Sunday, July 12, 2009

Getting on the wagon

I woke up Saturday morning raring to go after a night's rest in an unbelievably comfy bed. Luckily, Linda had planned a hike with a few friends up Turner Mountain so I had a chance to move around a bit and get the blood flowing while the ladies caught me up on the past few weeks of national and international news. Afterwards, we stopped by the bustling but decidedly not organic Four Corners farmstand down the road and I picked up a gigantic onion that I needed for the evening's meal prep -- an eggplant and tomato ragout over polenta. We made our way back to the house in West Newbury, VT and I got to work baking a chocolate torte for dessert. (The word on the street was that Linda is a bit of a chocoholic. The rumors are true.) While it was cooking, Stan and I wandered out into the yard in search of berries. It was still too early for blackberries, but we managed a few handfuls of raspberries. Sweet.

A bit later, Stan read me a blurb from a copy of the "Valley Food and Farm Guide" he had picked up in anticipation of my visit to the area. We hopped in the car (sorry Ollie, but at least it's a hybrid) and headed over to Crashed Wagon Farm to see if the write-up was too good to be true: a small, new CSA devoted to soil health, environmental stewardship, organic practices, and heirloom varieties. I was greeted in the field by Eileen, the co-manager of the operation, who cheerfully answered the plethora of questions I lobbed her way as we weeded a row of beets. She introduced me to the other manager, Nicholas, and a few of their friends who had come to help out, and gave me a pretty comprehensive tour of the farm. I could tell from the practices she described and the way she meticulously described each -- varied cover cropping, minimal spraying (of even organic sprays), a general distaste for black plastic, the pride in open-pollinating vegetable varieties and seed saving -- that she and her partner were committed to the land and preserving its diversity while supplying their local community with fresh, healthy food.

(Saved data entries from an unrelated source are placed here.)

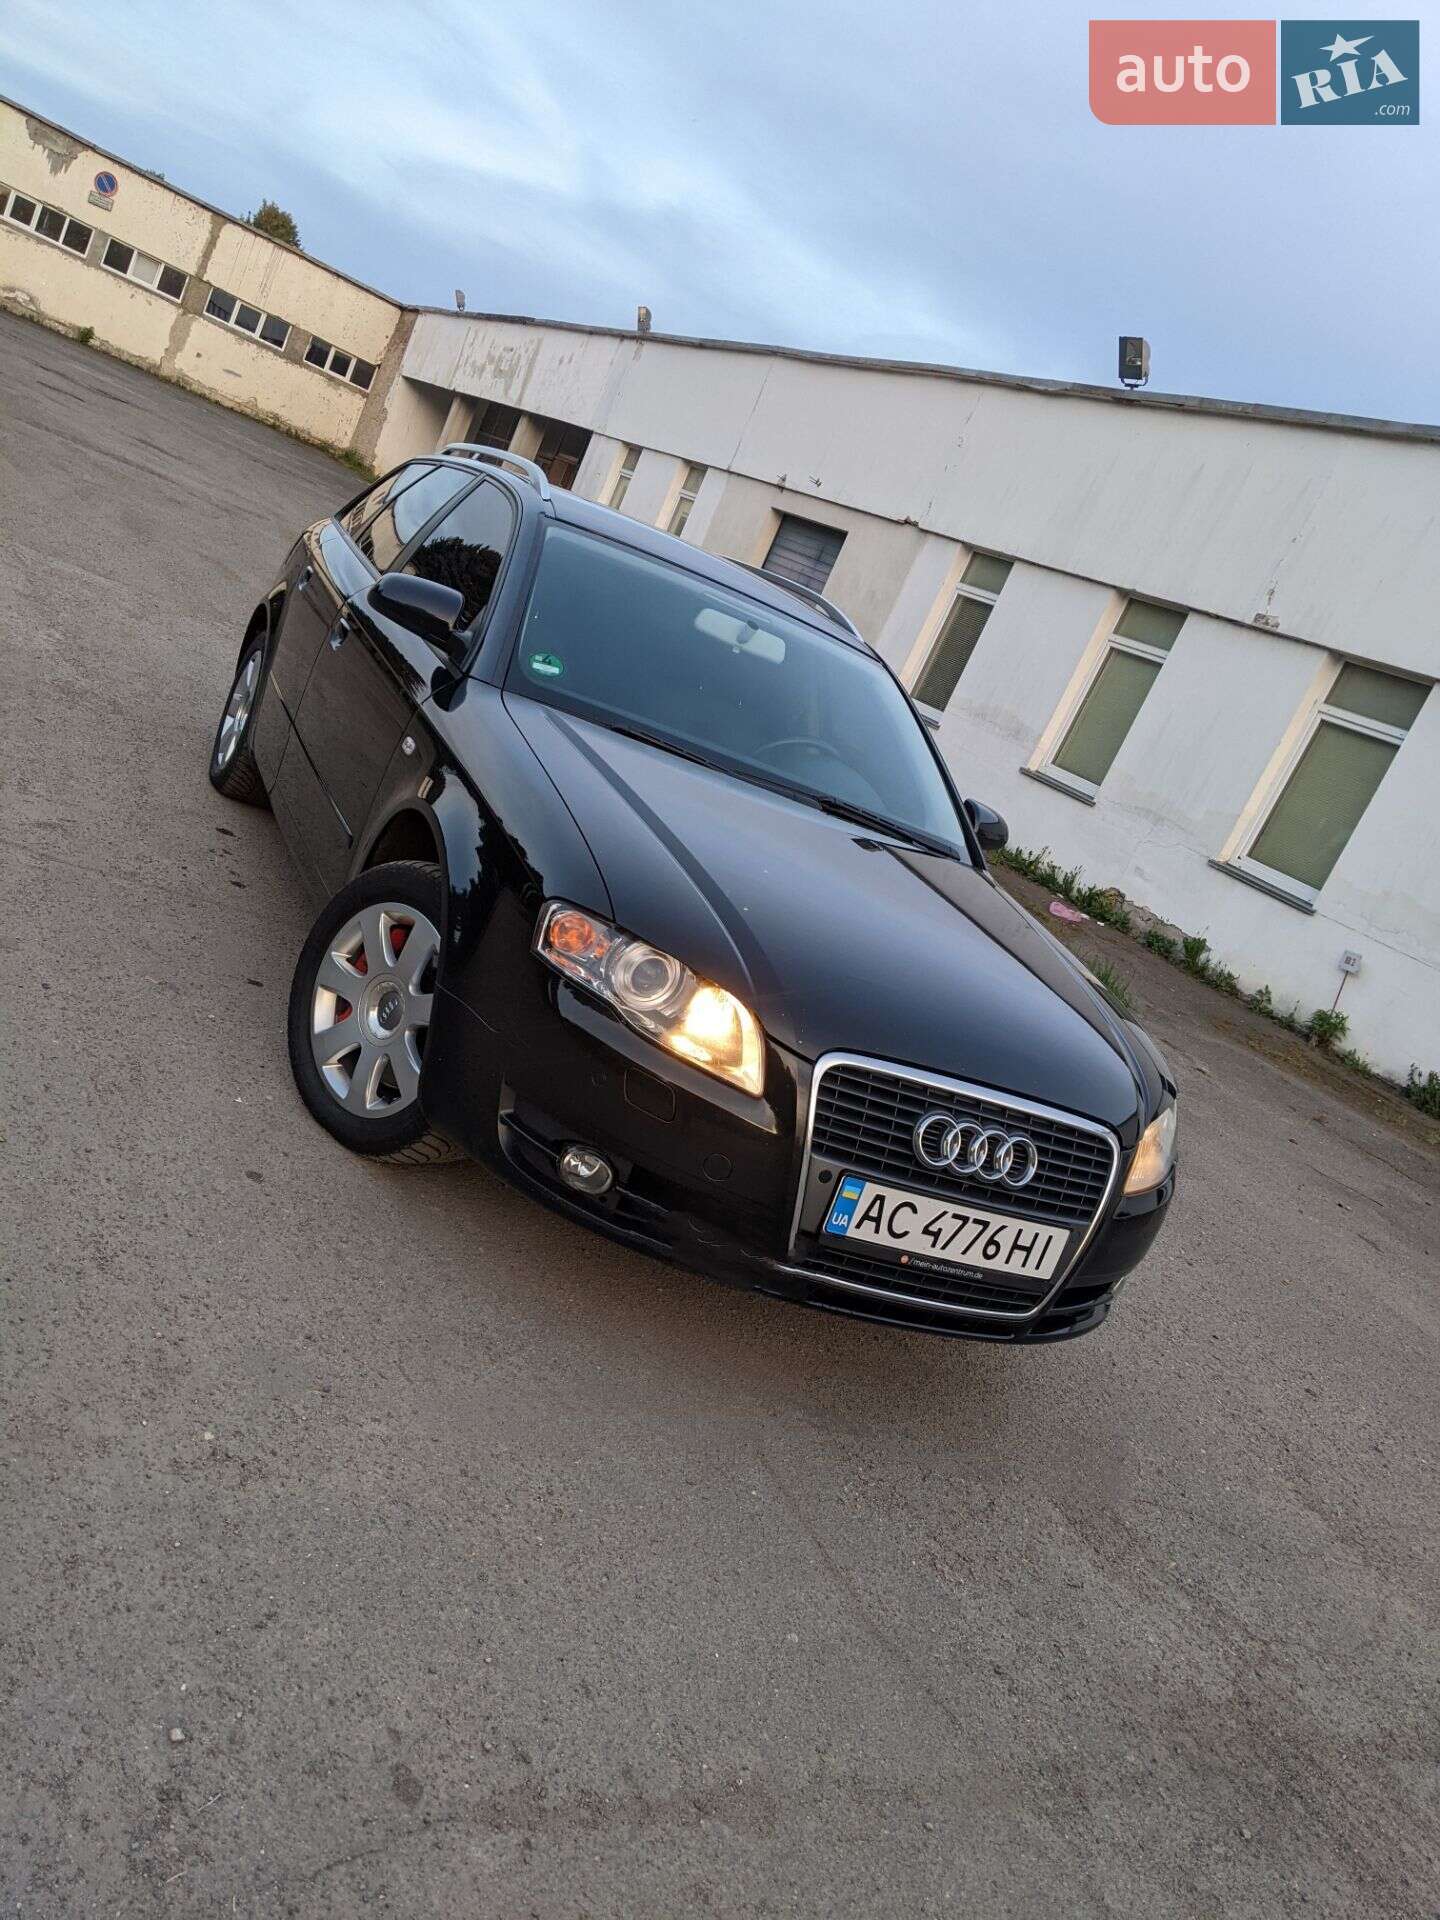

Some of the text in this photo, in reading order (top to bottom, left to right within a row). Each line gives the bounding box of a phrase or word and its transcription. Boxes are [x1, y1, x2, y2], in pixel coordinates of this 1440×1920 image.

[832, 1212, 849, 1228] UA
[855, 1194, 1053, 1271] AC 4776 HI
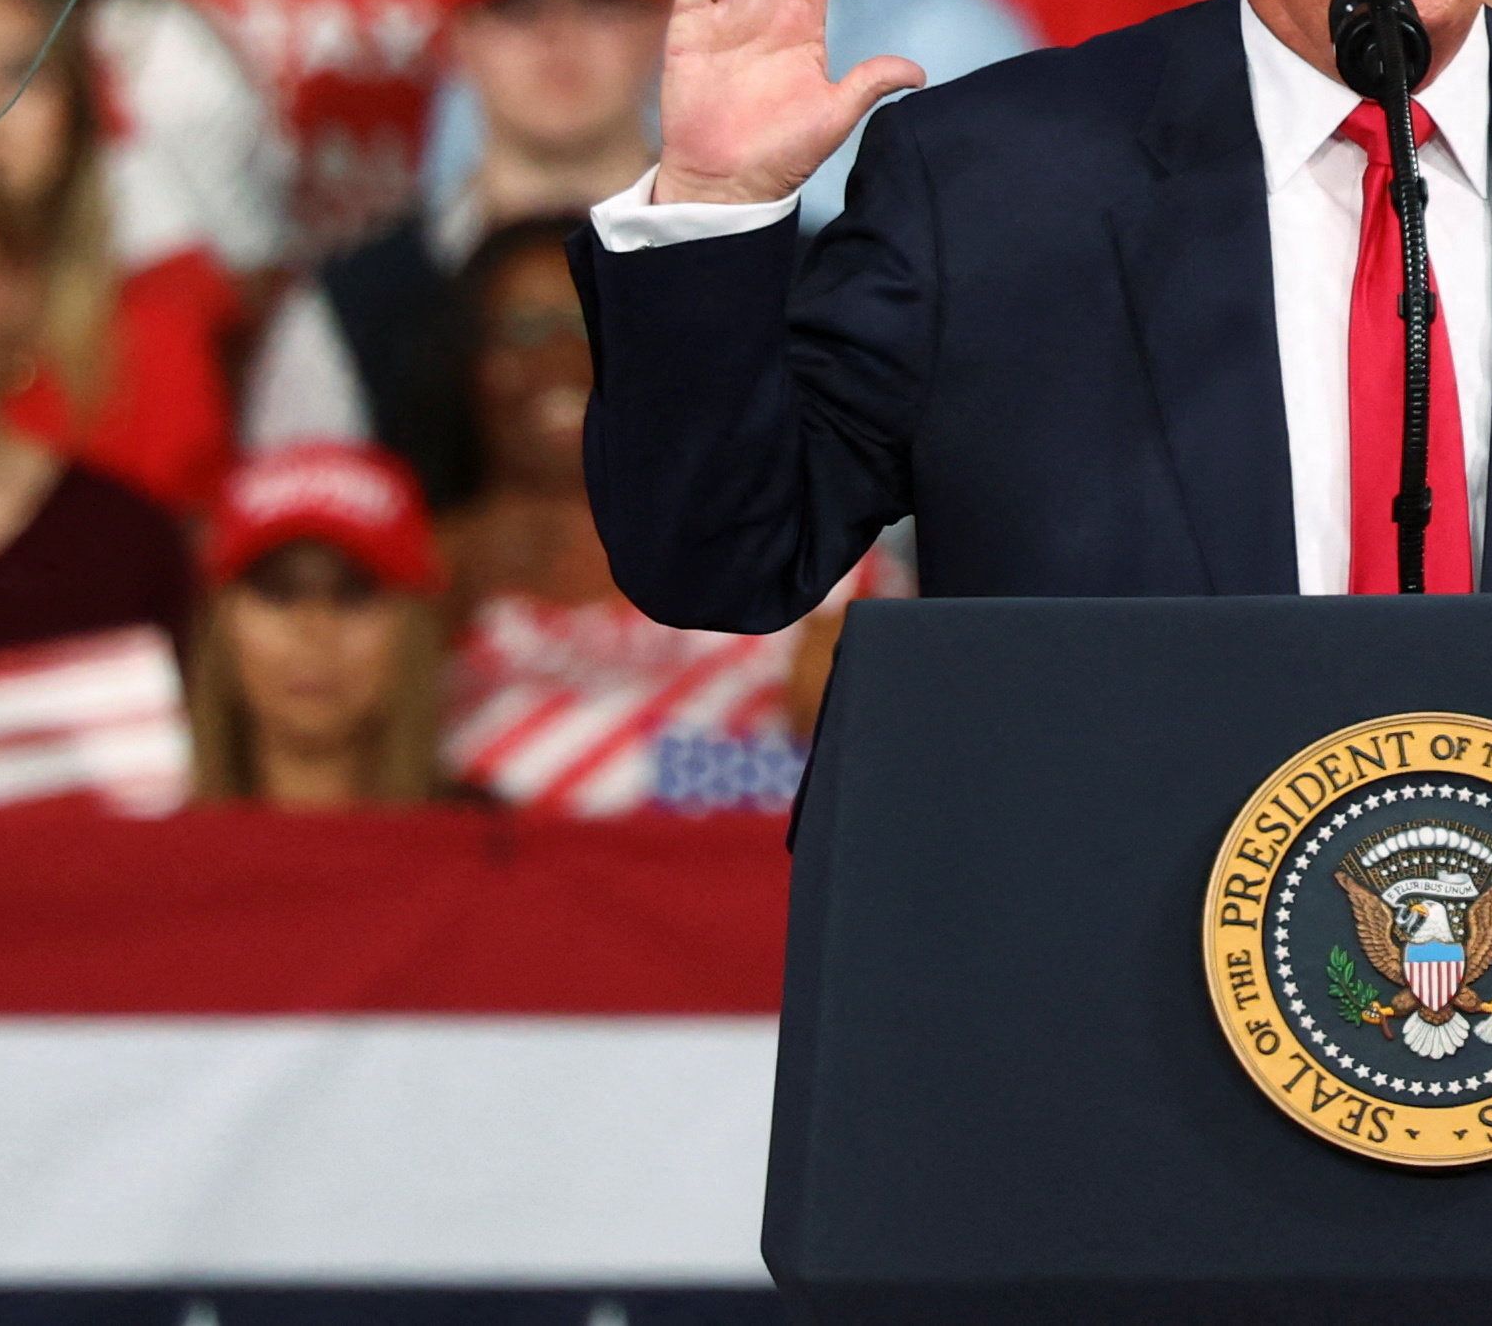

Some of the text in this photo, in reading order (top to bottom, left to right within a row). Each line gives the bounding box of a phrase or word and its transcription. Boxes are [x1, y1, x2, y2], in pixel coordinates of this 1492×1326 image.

[1431, 734, 1471, 761] OF
[1220, 731, 1415, 931] PRESIDENT
[1393, 881, 1444, 896] PLURIBUS
[1444, 885, 1474, 896] UNUM
[1227, 948, 1261, 1010] THE
[1247, 1018, 1282, 1056] OF
[1291, 1052, 1396, 1143] SEAL
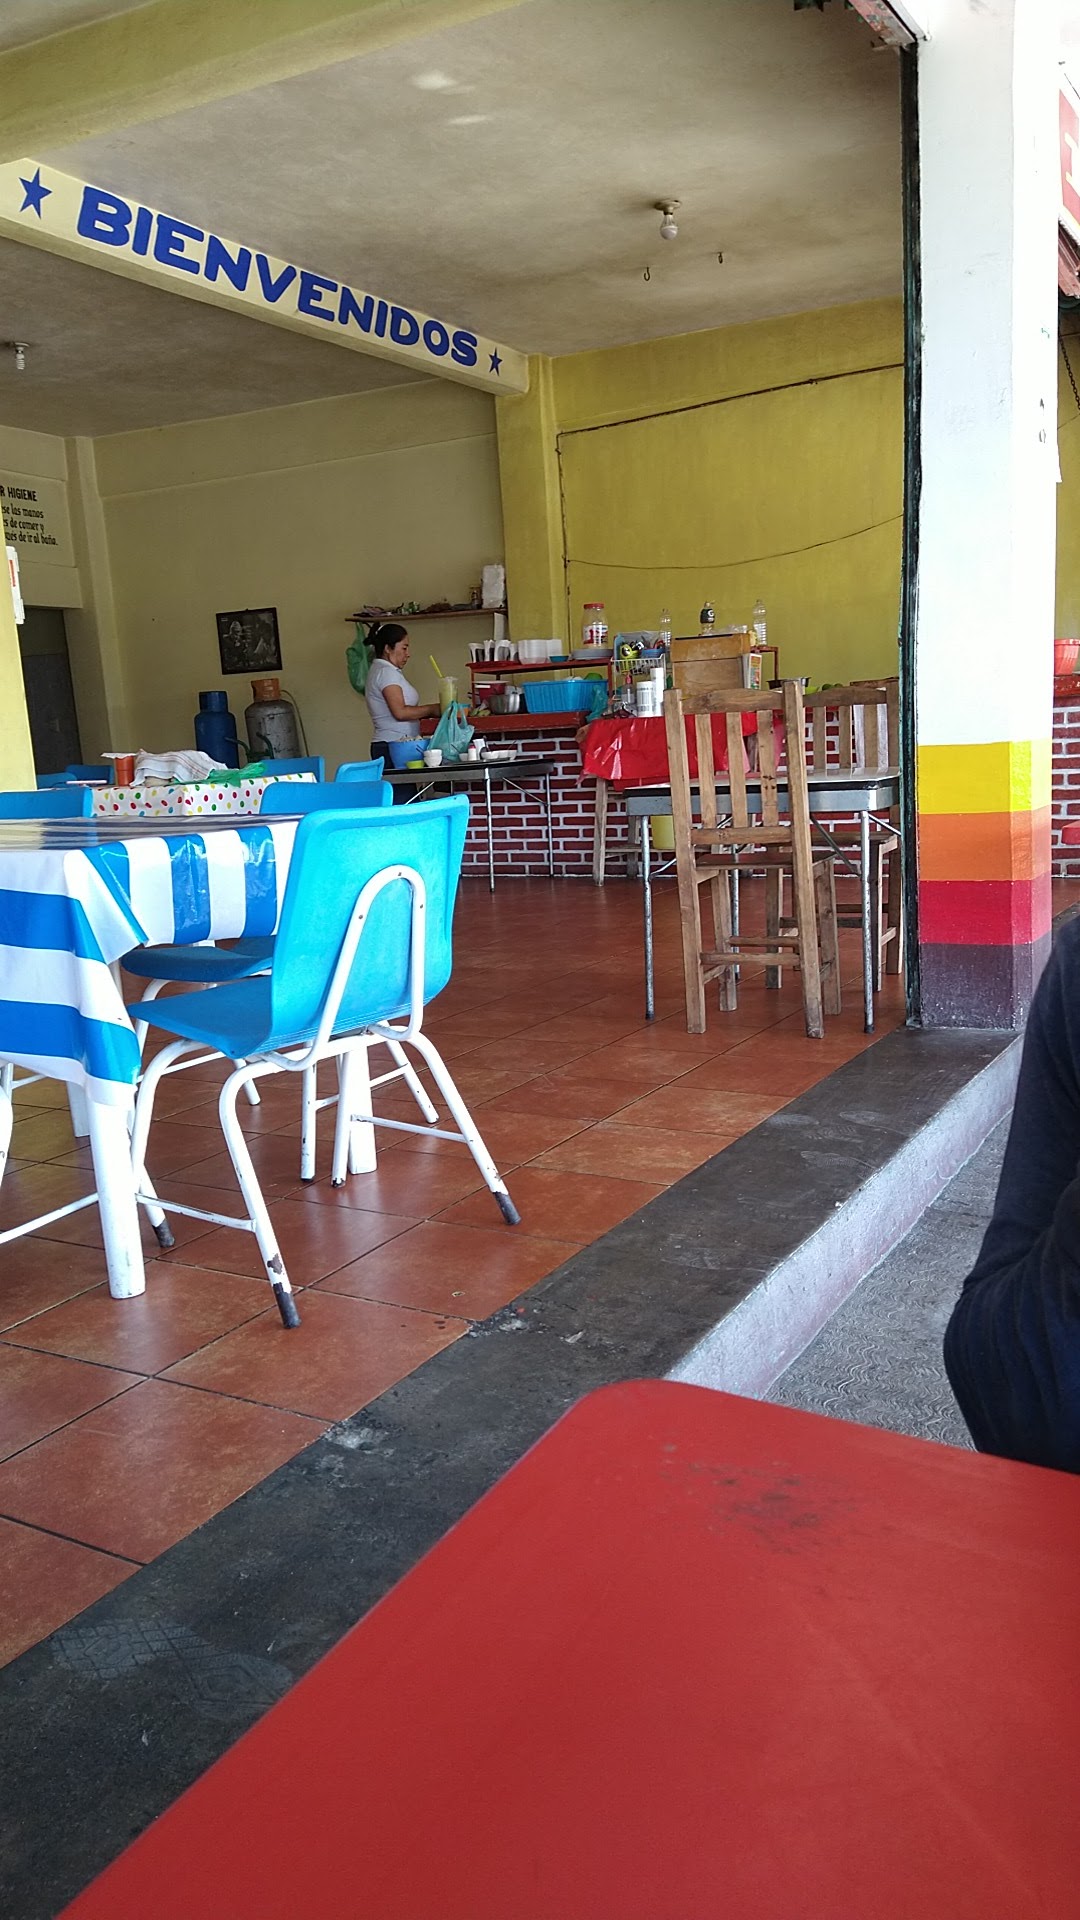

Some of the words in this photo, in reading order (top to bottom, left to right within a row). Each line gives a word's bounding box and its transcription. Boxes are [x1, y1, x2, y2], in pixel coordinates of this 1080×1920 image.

[77, 185, 478, 367] BIENVENIDOS
[7, 486, 38, 501] HIGIENE
[22, 508, 44, 519] manos
[10, 516, 18, 529] de
[18, 521, 39, 531] comer
[40, 523, 45, 534] y
[18, 530, 26, 543] de
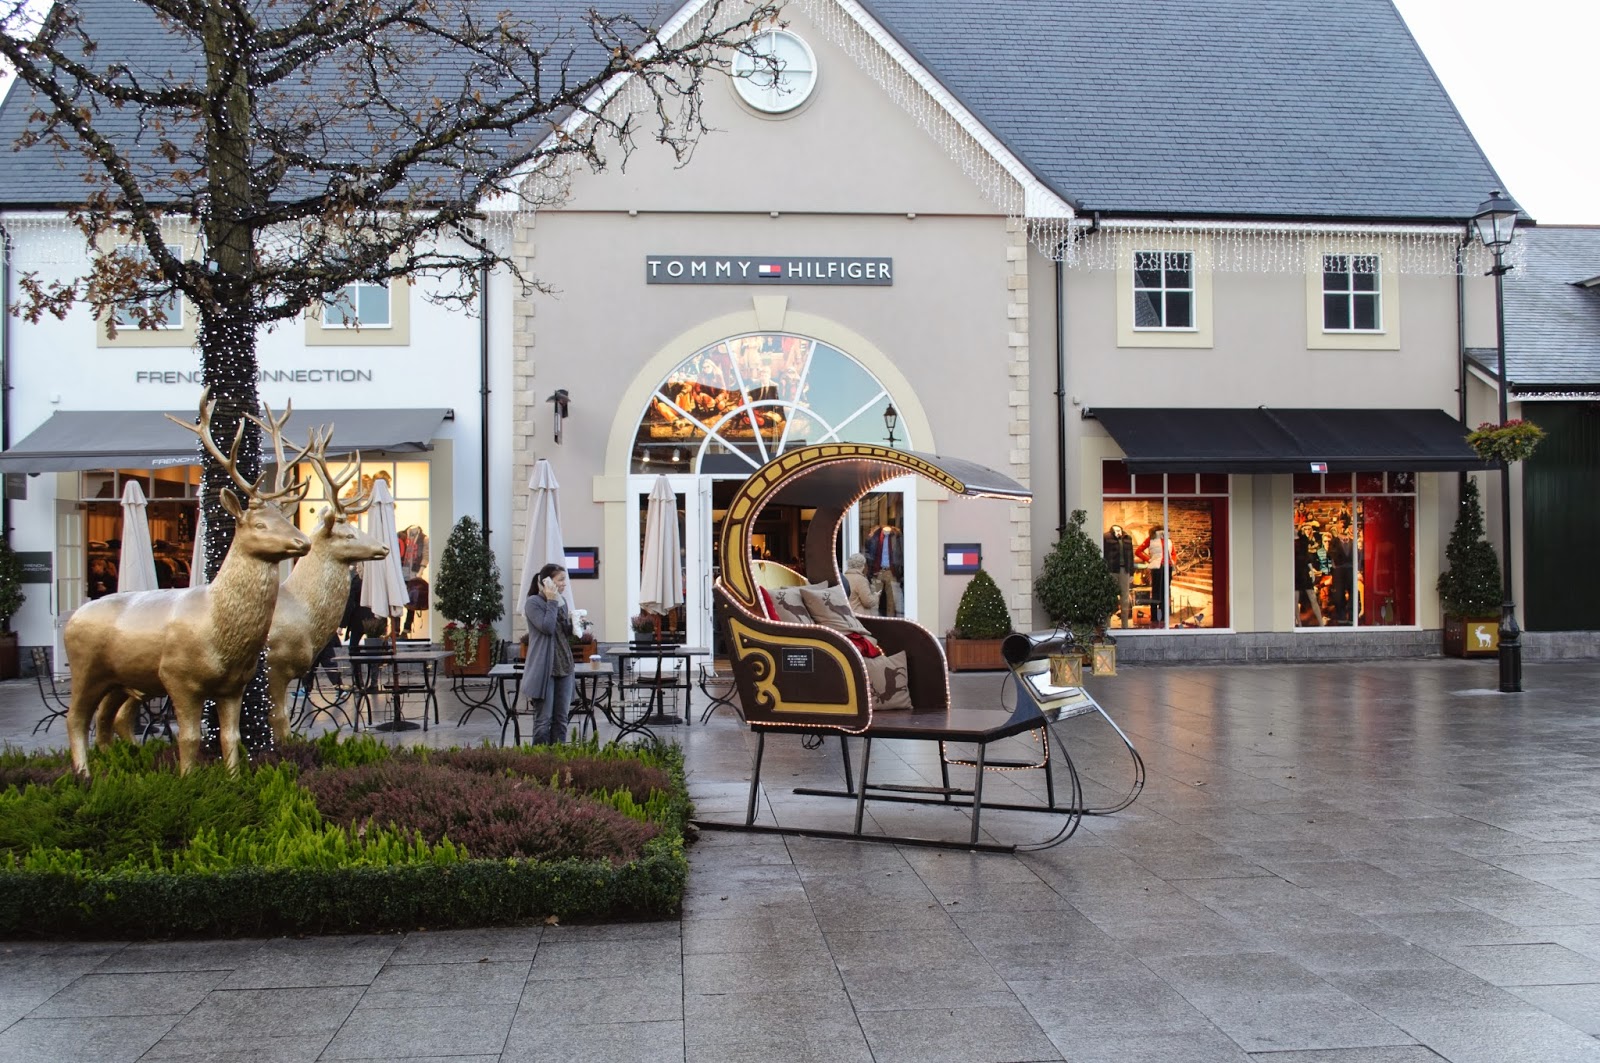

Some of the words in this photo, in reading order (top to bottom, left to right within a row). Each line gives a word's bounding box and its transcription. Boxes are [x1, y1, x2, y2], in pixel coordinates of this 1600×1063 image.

[648, 261, 751, 277] TOMMY
[788, 262, 891, 278] HILFIGER
[137, 371, 203, 383] FRENC
[254, 369, 372, 382] NNECTION
[152, 457, 196, 465] FRENCH

A word on black plastic: I don't understand why it is ubiquitous on organic farms. Using giant rolls of non-biodegradable and rarely reusable plastic seems antithetical to the spirit of sustainable farming. After doing quite a bit of hand weeding these past months -- far, far less than folks who farm day in and day out, I'll admit, but still a heck of a lot more than your average city slicker -- I can understand the desire to curb weed growth by any non-chemical means possible. (Back at Maggie's Organic farm, I recall the guys joking about their hands cramping into "asparagus claws" from the constant weeding of the asparagus patch.) Mulching with straw is preferable, most organic farmers agree, as it not only stifles weed growth but also slowly breaks down to further enrich the soil. (Newspaper -- with soy-based ink, which includes most of our nation's larger publications -- works well, too, I recalled from my work at the Master Peace Garden.) Straw is also, however, much more labor intensive to put down and harder to get enough of locally than black plastic. Hmmm. I am hardly in a position to wag a finger at the hard-working farmers who are devoting their lives and energy to growing our food as sustainably as they are able for using plastic to protect their tomato and pepper plants from an onslaught of weeds. But I do have a nagging feeling creep up whenever I come across the giant plastic ground covers, and I have noticed them often along my journey thus far.

Emboldened by her openness to my other queries, I asked Eileen about this issue, as I noted a couple rows of squash lined with plastic sheets. She explained that the plastic really does cut down on weeding significantly and there are some plants not damaged by the increased heat and moisture levels that the black plastic invariably creates. She loathed using the stuff, she admitted, and told me that the little bit of plastic that Crashed Wagon uses is all recycled -- from the plastic that construction companies use to wrap around drywall (I'd only seen the white side, who knew the other side was black?) to some gardening screen cloth that had been donated -- and reused whenever possible. Eileen seemed genuinely agitated by the thought of the hundreds of tons of black plastic that must wind up in landfills each year as a result of the collective farms' use of the weed suppressant. Using what you have and being thoughtful about it seems to be the mantra of the farm and small (15-share) CSA, run solely by Nicholas and Eileen, with the generosity of their landlords and the help of their friends. If they recycle a little bit of plastic to manage the weeds on a few rows, I'm at peace with that.

Stan swung back by the farm to pick me up and I left feeling hopeful that Crashed Wagon, which means to some day be able to support itself solely as a financially sustainable CSA, and other farms like it grow and spread across the country. These are the sorts of farmers we need to support: thoughtful, generous, local.

Sent from my Verizon Wireless BlackBerry


  1. Is Maggie's Mercantile Organic Farm in any way related to Maggie's Mercantile Wagon?

  2. Not as far as I can tell. The farm is connected to a pair of fantastic vegan cafes, though: one in downtown Pittsburgh and one in Stahlstown.